The next place that we need to look at is the Dictionary, it is expensive, even though the usage of FastRecord means that we only need a single call per line, that isn’t so much fun. Note that it is using the GenericEqualityComparer, can we do better?

Trying to create my own equality comparer for longs doesn't really help.

So we’ll go back to the parallel version with the ParseTime optimization, and we are now running at 628 ms. And at this rate, I don’t think that there is a lot more room for improvements, so unless someone suggests something, we are done.

Tweet Share Share 16 comments

Tags:

Comments

18 Nov 2016
11:34 AM

Alex Davidson

People have already suggested using a simple array with IDs indexing into it, but that'd be ~400MB for ints and ~800MB for longs. Could we reduce the memory usage of the array, perhaps by sacrificing accuracy? Reducing the resolution from ticks to seconds lets us stuff 18 hours into an unsigned short, at the expense of rounding errors at the seconds level.

18 Nov 2016
12:15 PM

Federico Lois

@Alex that would depend on what the data is being used for. On some systems dealing with rounding errors of a second is nothing. But if what you are reading is logs, those ticks makes a huge difference. Having said that, you can use a different trick instead. You can still use a trick like that... Just take the lower 16 bits and encode the other 48 bits in a variable size format. There is ample chance that you can encode those remaining bits in far less bits than 48 (16 maybe?)

18 Nov 2016
16:44 PM

Bruno Martínez

Don't you need to consider leap seconds also?

18 Nov 2016
19:10 PM

alex

@Alex, as already remarked before - refer to the comments on the first post of this topic The interview question - the data to be used consists of an id key that has 8 digits in the alphabet '0' .. '9' and could be encoded as a max 27 bit uint and a duration value with a seconds resolution that can be encoded in a uint.

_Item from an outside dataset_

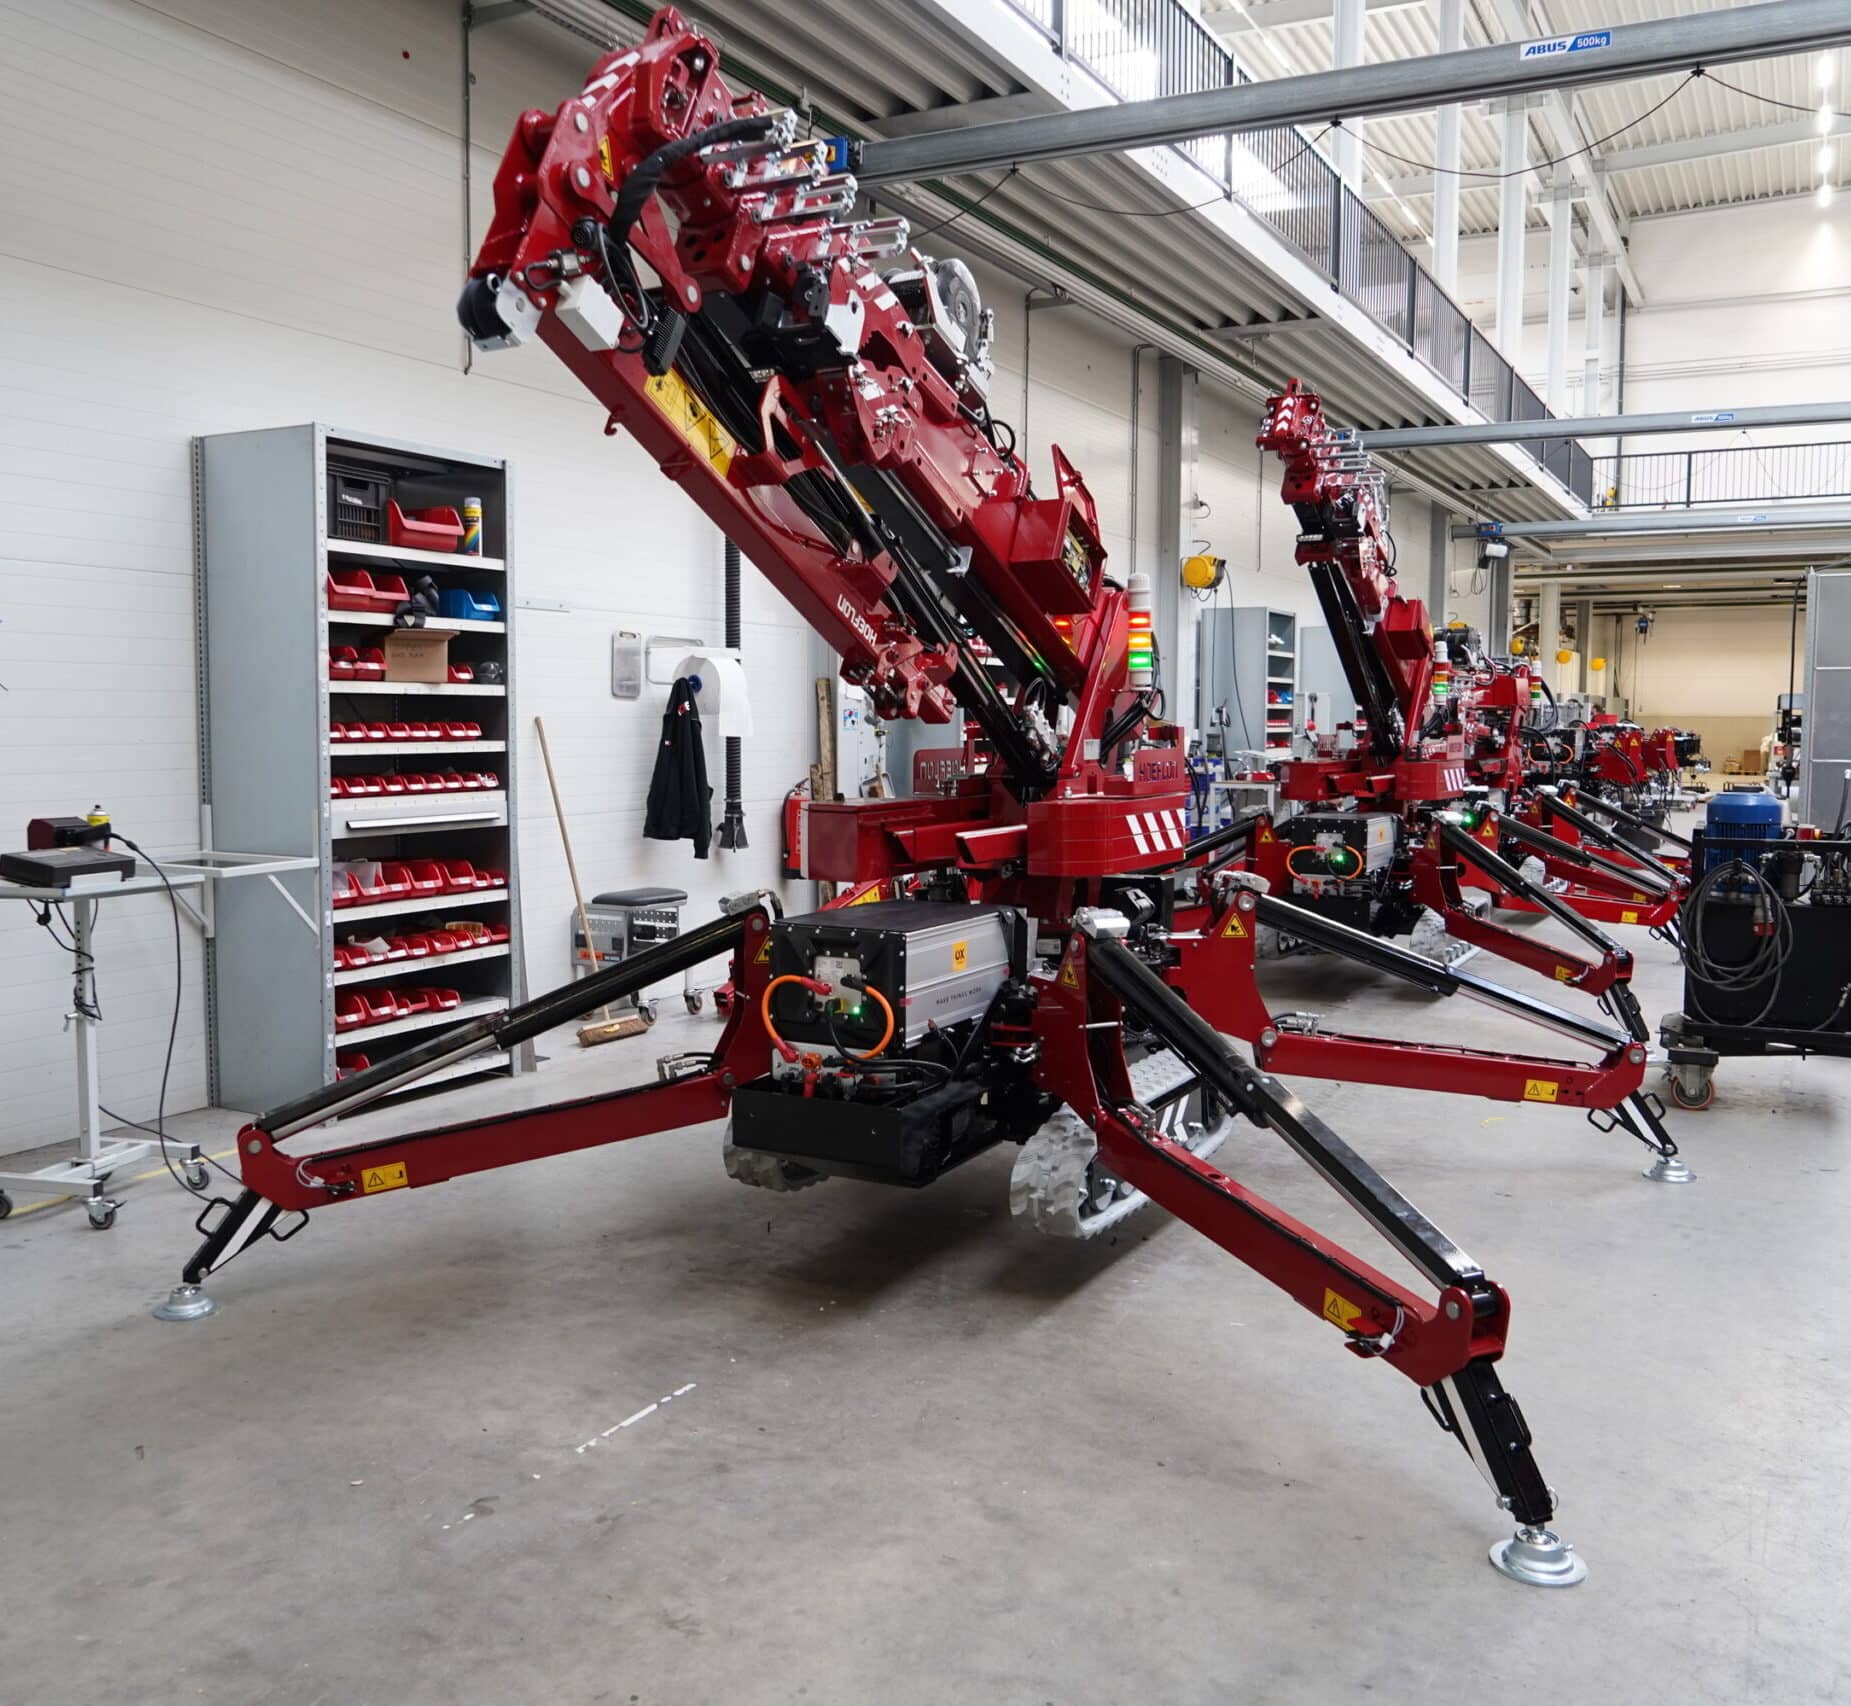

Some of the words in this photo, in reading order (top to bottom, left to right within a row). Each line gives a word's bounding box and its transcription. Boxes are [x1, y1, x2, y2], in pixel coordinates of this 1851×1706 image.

[1525, 41, 1567, 56] ABUS
[1577, 36, 1607, 48] 500kg
[837, 593, 878, 647] HOEFLON
[1139, 761, 1178, 781] HOEFLON

As the solution I posted (refer to comments under the I like my performance unsafely blog article) shows, it is actually possible for the given dataset of 199819 unique id entries to store this in a map that requires less than 199819 x (4 + 4) bytes = 1,598,552 bytes without compromising the seconds resolution. The "3-level trie" manages to store this data with only 864 kb of total allocations, i.e. a bit more than half of that size. It does so while being much faster than either a dictionary or flat 390 MB array indexed by id due to favorable memory cache effects.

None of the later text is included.